Le secrétaire national du PCF, qui participe ce week-end à la Fête de l’Humanité, est fragilisé depuis qu’il s’est incliné face au RN dans sa circonscription du Nord.

Fabien Roussel sera tout le week-end à la Fête de l’Huma dans l’Essonne.
EMMANUEL DUNAND / AFP Fabien Roussel sera tout le week-end à la Fête de l’Huma dans l’Essonne.
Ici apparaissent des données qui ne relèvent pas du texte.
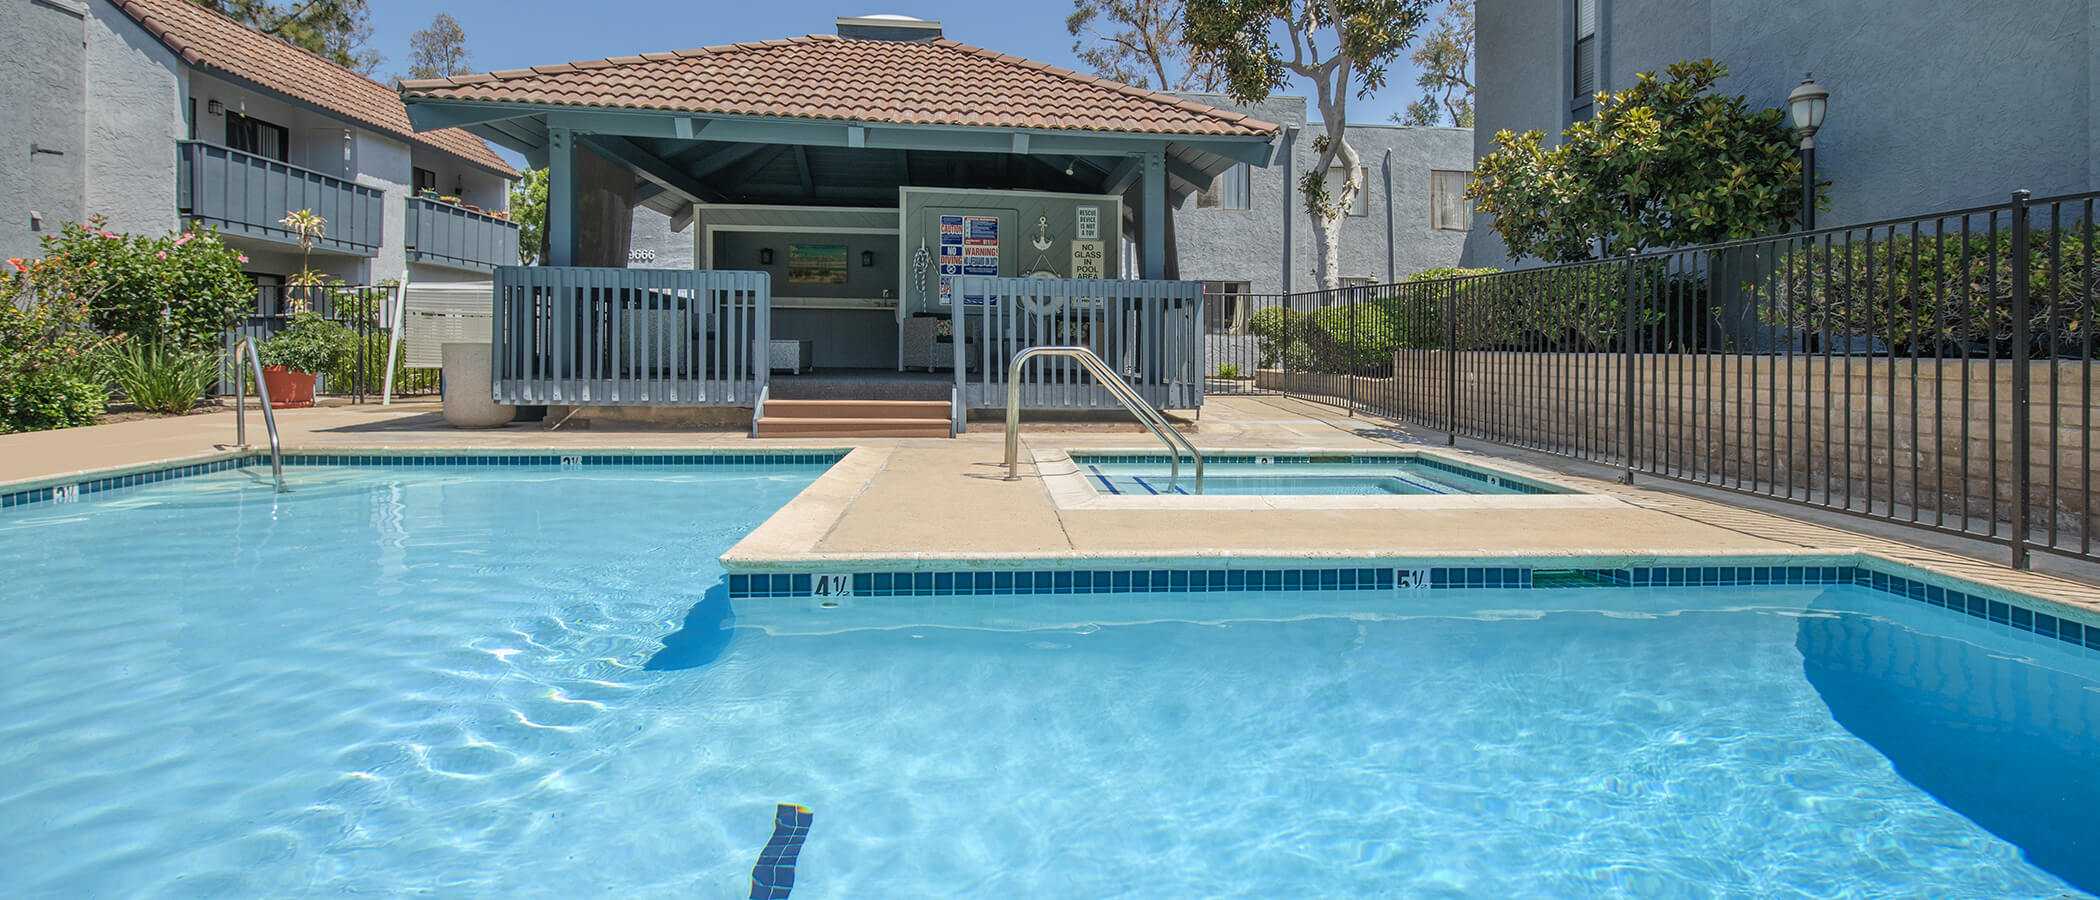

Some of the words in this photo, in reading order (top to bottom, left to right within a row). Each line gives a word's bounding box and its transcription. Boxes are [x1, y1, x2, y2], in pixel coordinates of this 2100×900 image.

[941, 224, 963, 233] CAUTION
[947, 247, 957, 256] NO
[965, 247, 999, 257] WARNING!
[1074, 251, 1102, 259] GLASS
[941, 256, 963, 265] DIVING
POLITIQUE - Entre le concert de Louise Attaque, le show de Guillaume Meurice et la carte blanche offerte à la militante américaine Angela Davis, la 89e édition de la Fête de l’Huma, qui a lieu jusqu’à dimanche dans l’Essonne, s’annonce riche et variée. Plusieurs centaines de milliers de personnes sont attendues à partir de ce vendredi 13 septembre dans les allées de ce rendez-vous important de la rentrée. Fabien Roussel devrait, lui, moins avoir le cœur à la fête. En juin, le secrétaire national du PCF s’est incliné face au Rassemblement national dans sa circonscription populaire du Nord. Une lourde défaite, sur une terre qui était dans l’escarcelle du Parti communiste depuis 1962.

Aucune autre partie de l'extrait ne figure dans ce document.